I slowly made my way down the hall, listening at each lab door, then checking to make sure the lab was empty. The sounds were not coming from any of the labs. I breathed a little easier and told myself how silly I had been to think that the sounds had anything to do with dead bodies.

Just then, the moaning got a little louder and a new rhythmic bumping sound began to accompany it. I realized that it was coming from the darkroom down at the end of the hall. I tiptoed to the open doorway that led into the outer room of the darkroom and carefully looked in. No one was there.

The darkroom itself was separated from the outer room by a revolving black-out door designed to keep out light when film is being developed.
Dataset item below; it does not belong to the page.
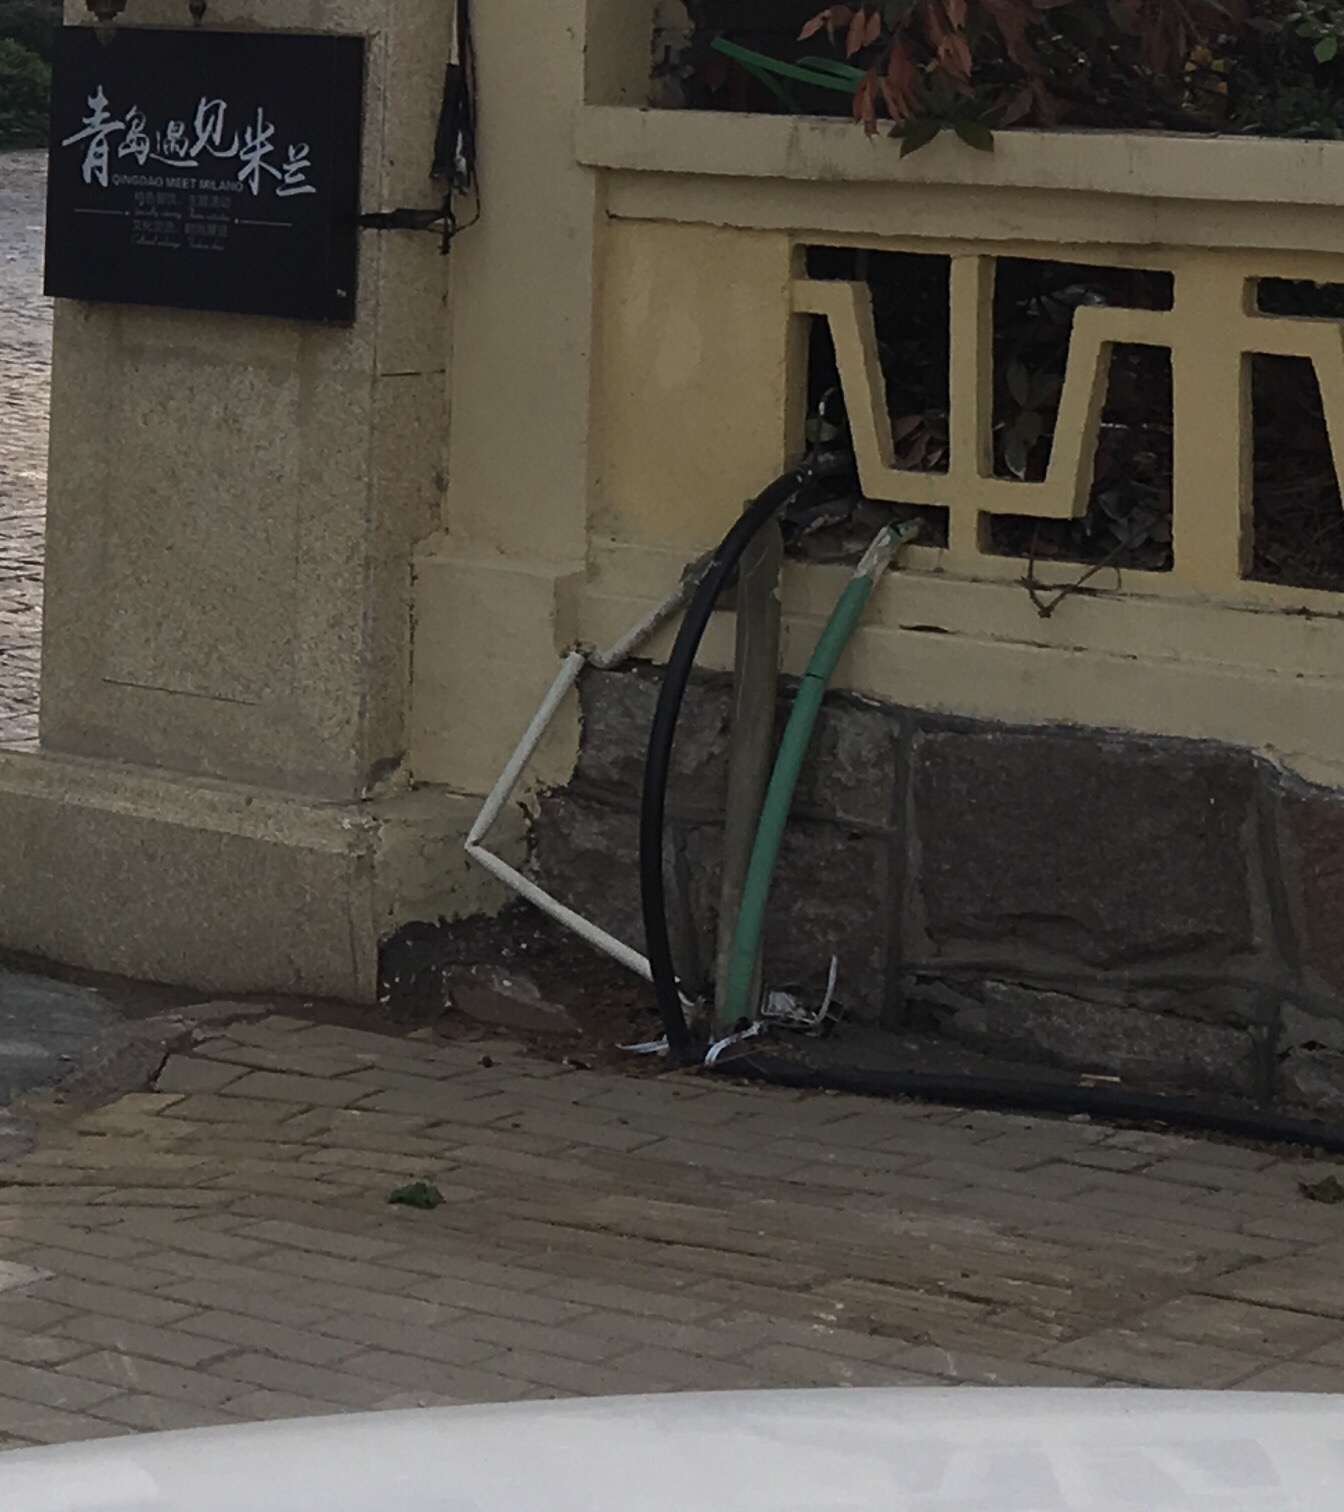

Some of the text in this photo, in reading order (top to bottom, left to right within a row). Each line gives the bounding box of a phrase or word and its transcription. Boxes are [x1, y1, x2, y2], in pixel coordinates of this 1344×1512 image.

[61, 84, 317, 198] 青岛遇见米兰
[112, 173, 244, 193] QINGDAO MEET MILANO
The red light over the door that lets people know not to open the door when someone is developing film was on. And sure enough, the sounds were coming from inside the darkroom.

I almost laughed out loud when I realized what the sounds meant. Someone, or should I say, some ‘people’ were in there having sex. And from what I could hear, pretty passionate sex at that. I don’t think I’m naïve or a prude, but it just never occurred to me that academia would be a hot-bed of sexual activity. Well, this was, after all, an ‘Anatomy’ department. Guess someone was just doing a little homework.
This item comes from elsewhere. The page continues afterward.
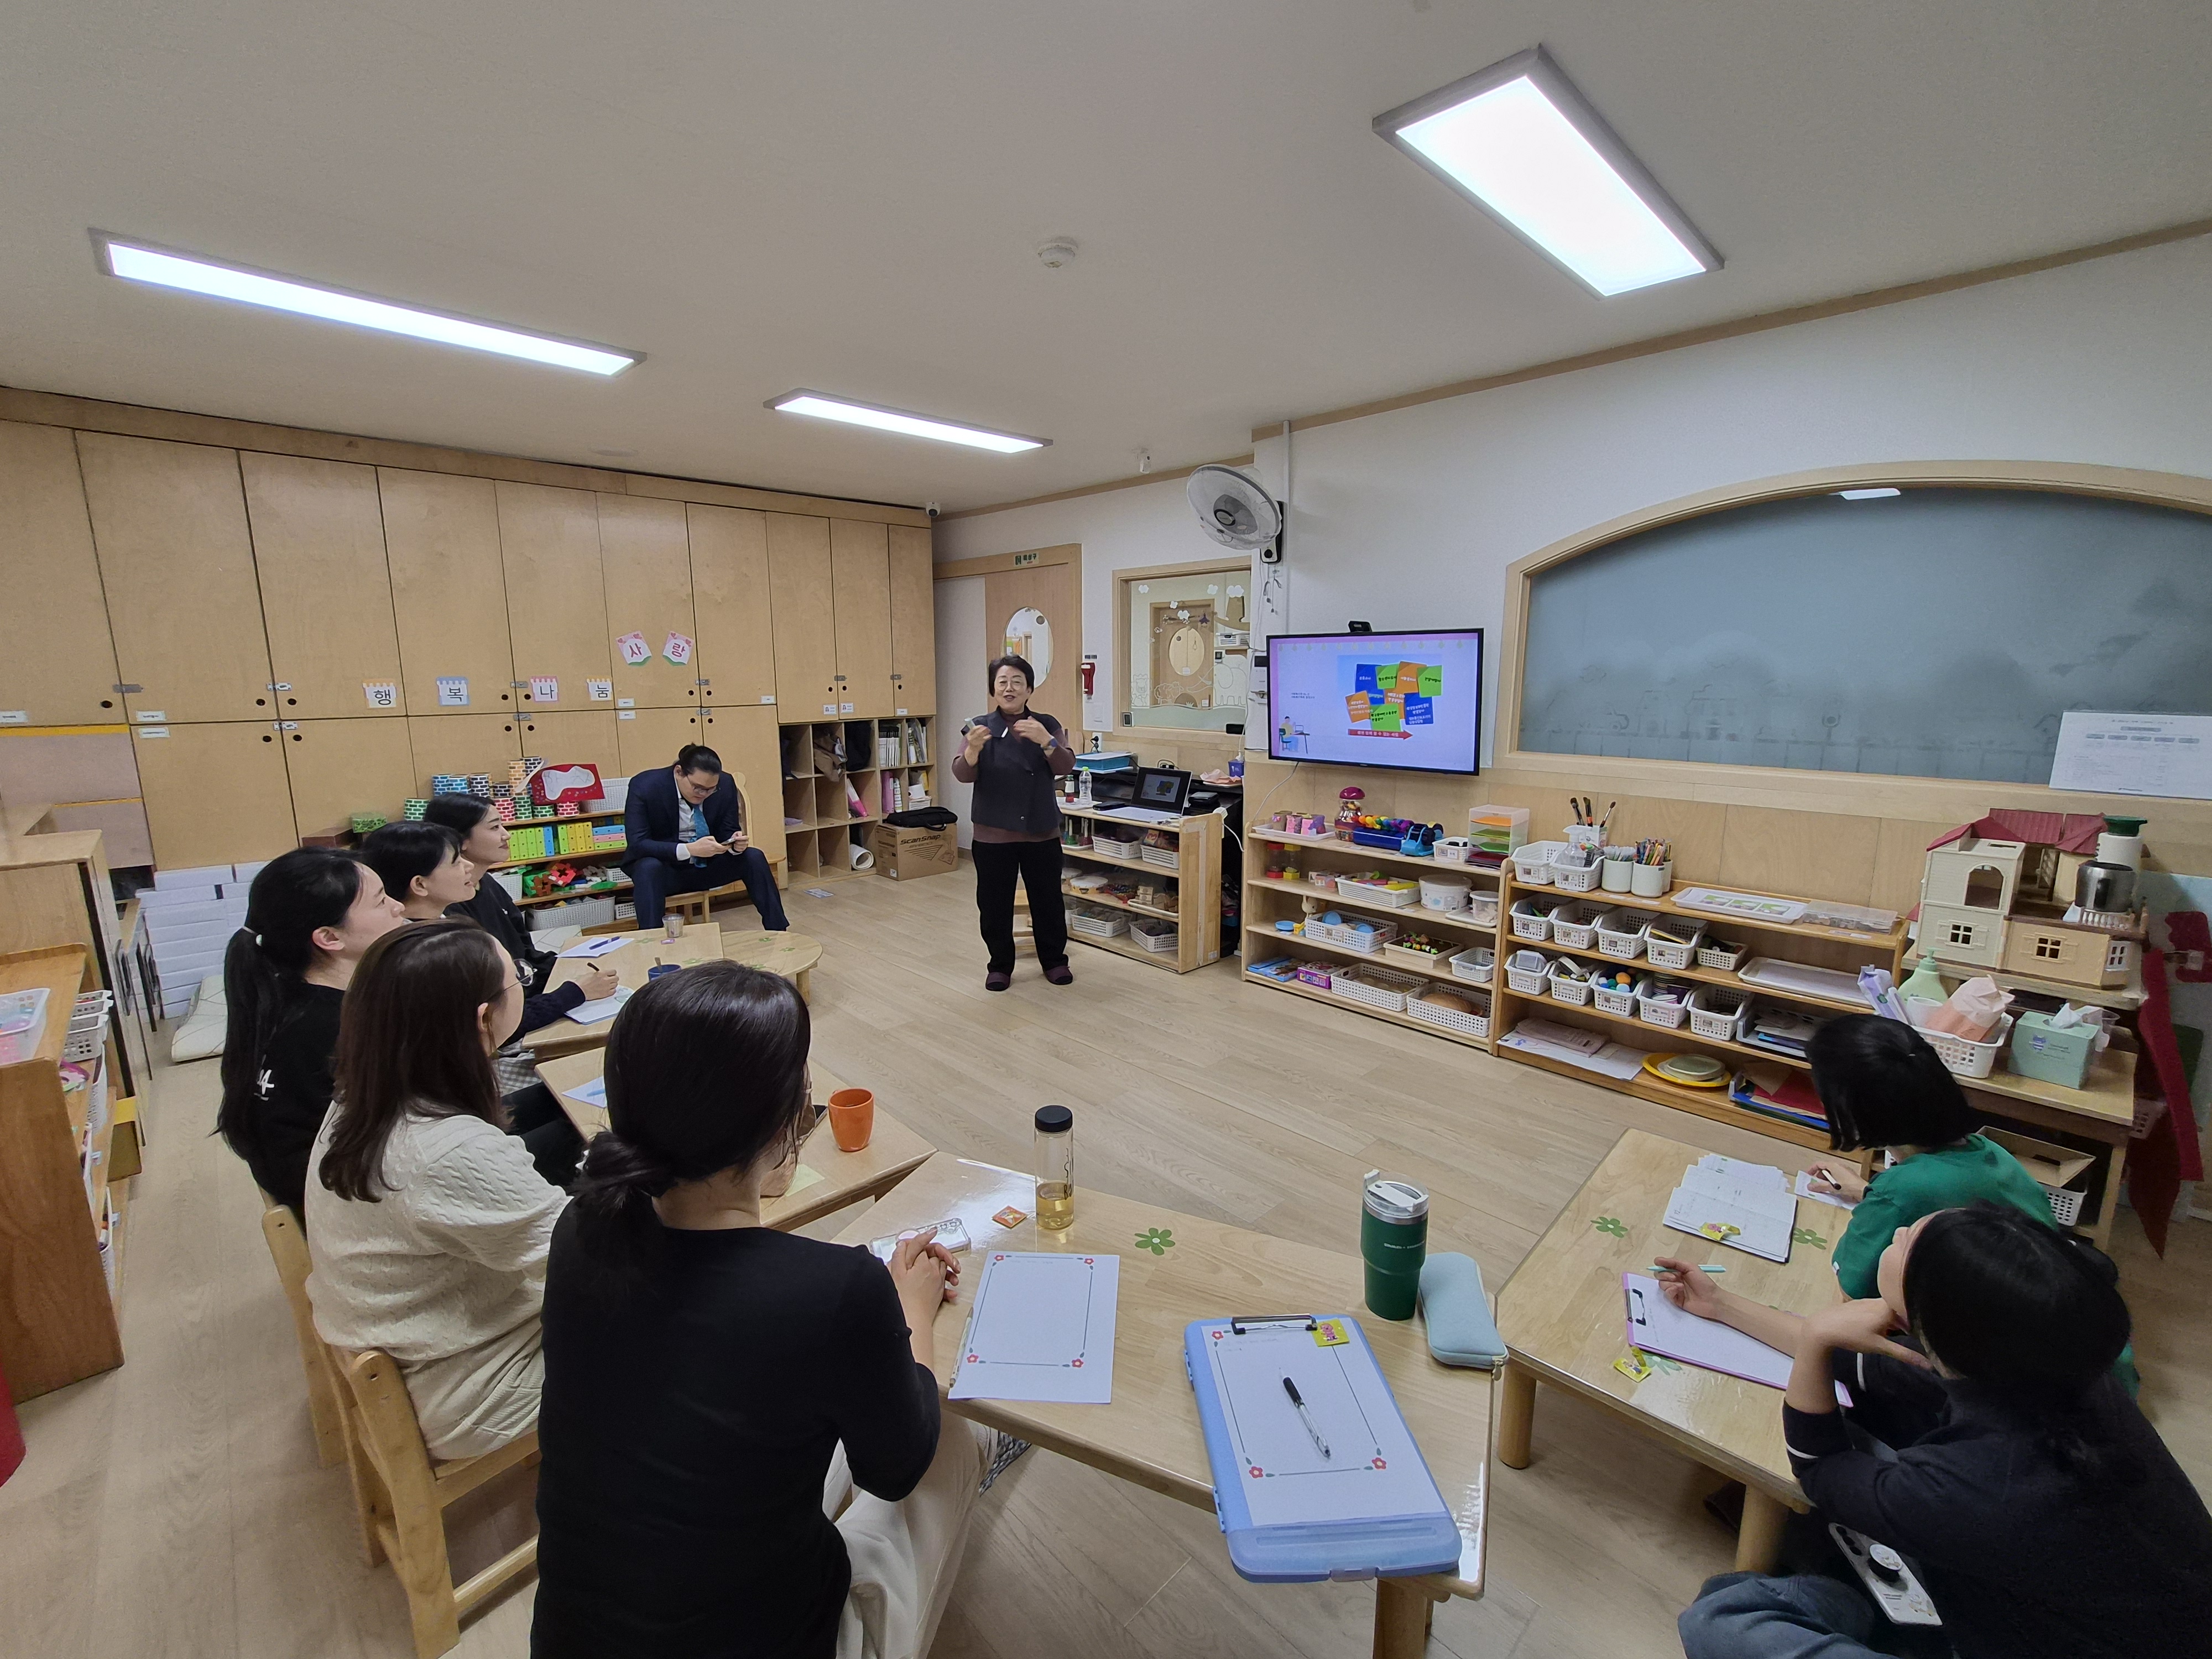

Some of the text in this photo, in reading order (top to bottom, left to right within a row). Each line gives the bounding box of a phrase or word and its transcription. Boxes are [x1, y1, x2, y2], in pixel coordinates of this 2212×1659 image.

[629, 643, 686, 658] 사 랑
[373, 684, 609, 706] 행 복 나 눔
[900, 834, 941, 845] ScanSnap
I wonder who’s in there, I thought as I quietly, but quickly, turned and almost ran down to the ladies restroom at the end of the hall. Probably a couple of graduate students doing a little after-hours experimentation, I thought, smiling.

Boy, was I wrong! As I was coming out of the restroom a few minutes later, who should I see coming out of the darkroom but Ronald Holman and his wife’s ‘good friend’, Marilyn Steele. I don’t think they saw me because I hurriedly jumped back into the restroom. I watched through a crack in the restroom doorway as they went into Holman’s office and shut the door.

When I got back to my office, I just sat there, stunned. I wonder who else knows about that, I thought. Probably nobody, would be my guess. I definitely don’t think Holman’s wife knows about it.

Even though Holman taught in the Anatomy course with me, I hadn’t had that much interaction with him because we were assigned to different labs. But when I had been with him in the Gross faculty meetings, he didn’t really impress me very much. I thought he was sort of wimpy. He was very quiet and tended to fade into the background. When he did speak, he turned beet red, all the way from his neck up to his Einstein-like fly away thinning hair. His few contributions to the discussions, however, seemed to me to be intelligent and even helpful. He would have been the last person I would have picked out as being sexually adventurous. Go figure.

As for Marilyn Steele, I had first met her at the faculty Get-Together. Since then, I had seen her around the Department from time to time. To tell the truth, my first impression of her was that she was one of the homeliest women I’d seen in a long time. That’s a kind way of saying ‘ugly’. She really had nothing going for her that I could see. She had a pinched face, with thin lips, a pointed nose, and glasses that did nothing for her dull, somewhat protruding, eyes. She wore no make-up, but I didn’t think even that would have helped. Her fly-away scraggly hair was a mix of dull brown and grey and didn’t look like it had seen a comb in a very long time. She certainly looked a lot older than her late thirties, which is what Amy had told me she was.

Putting a bag over her head wouldn’t have helped, either. Her figure was as nondescript as her face. She was skinny and not in a flattering way. She stood a little hunched over, which made her abdomen protrude. From the side, she looked sort of like a question mark.

Of course, now the first thing that came into my mind was a picture of the two of them having sex. And it wasn’t a pretty sight. It almost made me gag. What could he possibly see in her that would make him do that, I thought in disgust. Then I had to smile to myself – she must be REALLY good in bed!

I can’t wait to tell Amy, I thought with evil delight. Then, my good sense kicked in. No, I’d better just keep this to myself. Let’s just see how this whole thing plays out. These kinds of things don’t stay hidden for long.